Problem to solve: The records beneath should be printed exactly, and the pictures are to be left out.

[Text-to-region grounding data]
□ □ □
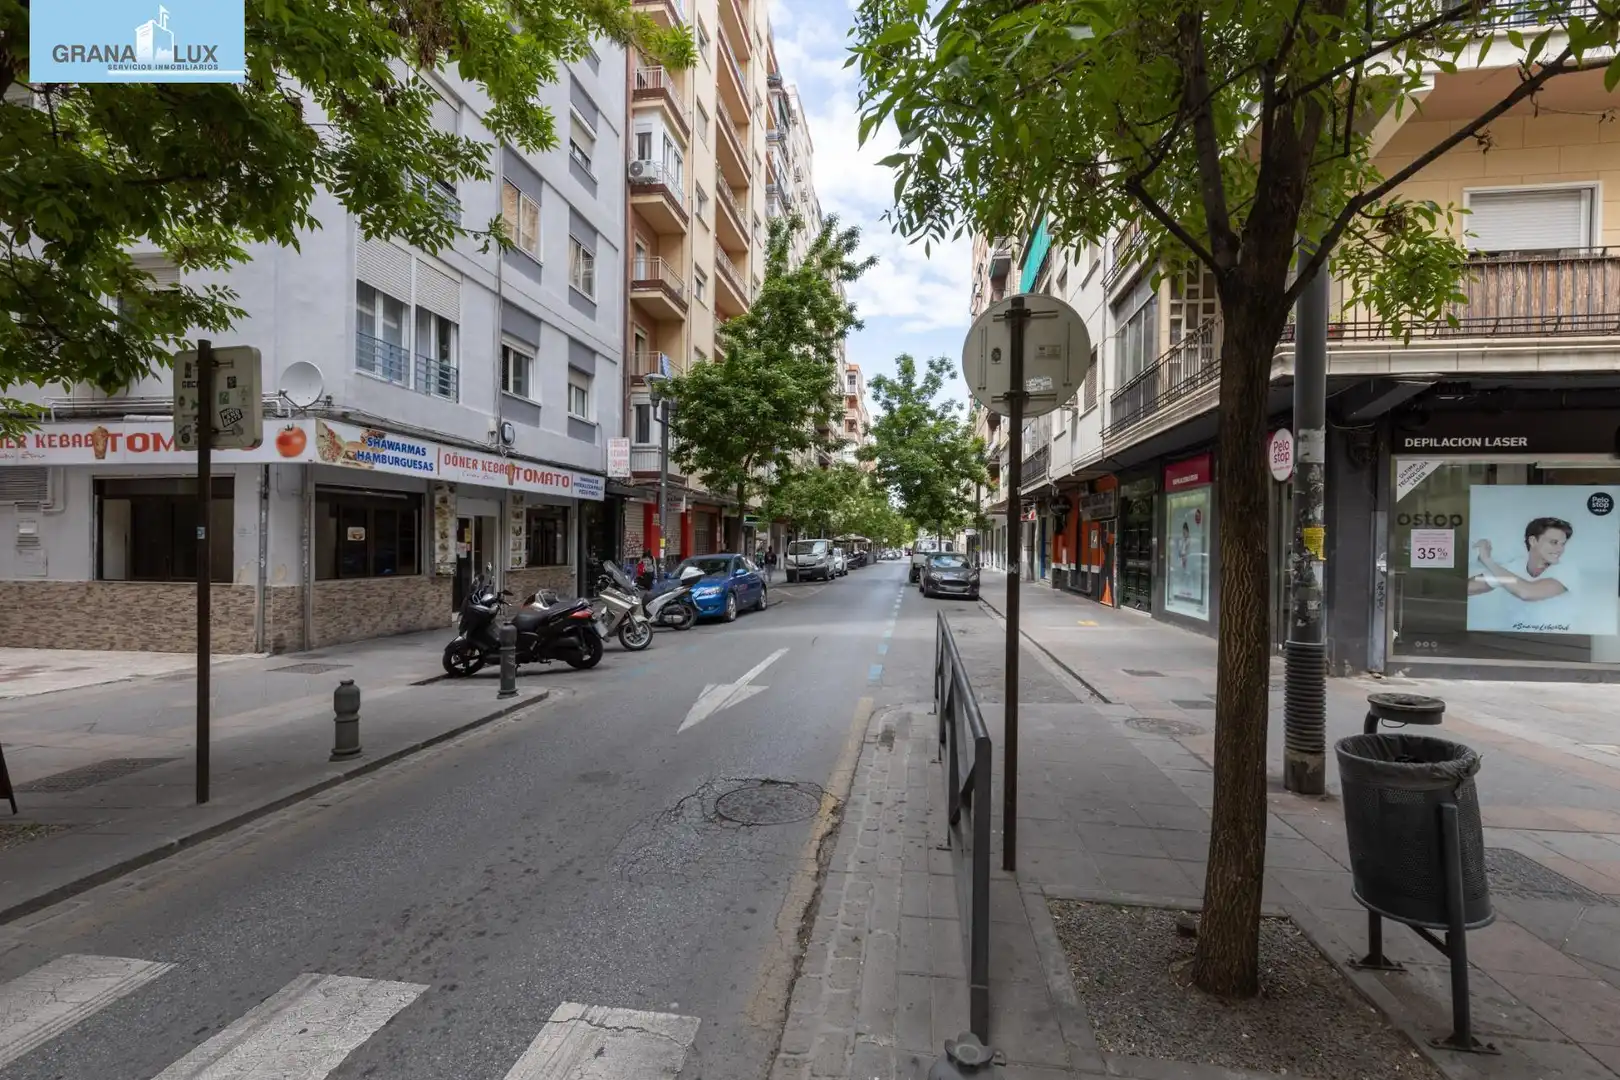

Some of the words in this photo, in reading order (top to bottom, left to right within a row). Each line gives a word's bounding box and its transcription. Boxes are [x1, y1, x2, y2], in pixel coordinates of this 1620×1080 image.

[366, 436, 427, 457] SHAWARMAS
[1273, 440, 1290, 453] Pelo
[1404, 437, 1481, 448] DEPILACION
[1484, 436, 1528, 447] LASER
[355, 449, 434, 472] HAMBURGUESAS
[1273, 451, 1291, 463] stop
[444, 452, 478, 470] DÖNER
[513, 466, 570, 488] TOMATO
□ □ □
Written response:
Some of the words in this photo, in reading order (top to bottom, left to right within a row). Each line gives a word's bounding box and its transcription. Boxes are [x1, y1, x2, y2], in pixel coordinates of this 1620×1080 image.

[366, 436, 427, 457] SHAWARMAS
[1273, 440, 1290, 453] Pelo
[1404, 437, 1481, 448] DEPILACION
[1484, 436, 1528, 447] LASER
[355, 449, 434, 472] HAMBURGUESAS
[1273, 451, 1291, 463] stop
[444, 452, 478, 470] DÖNER
[513, 466, 570, 488] TOMATO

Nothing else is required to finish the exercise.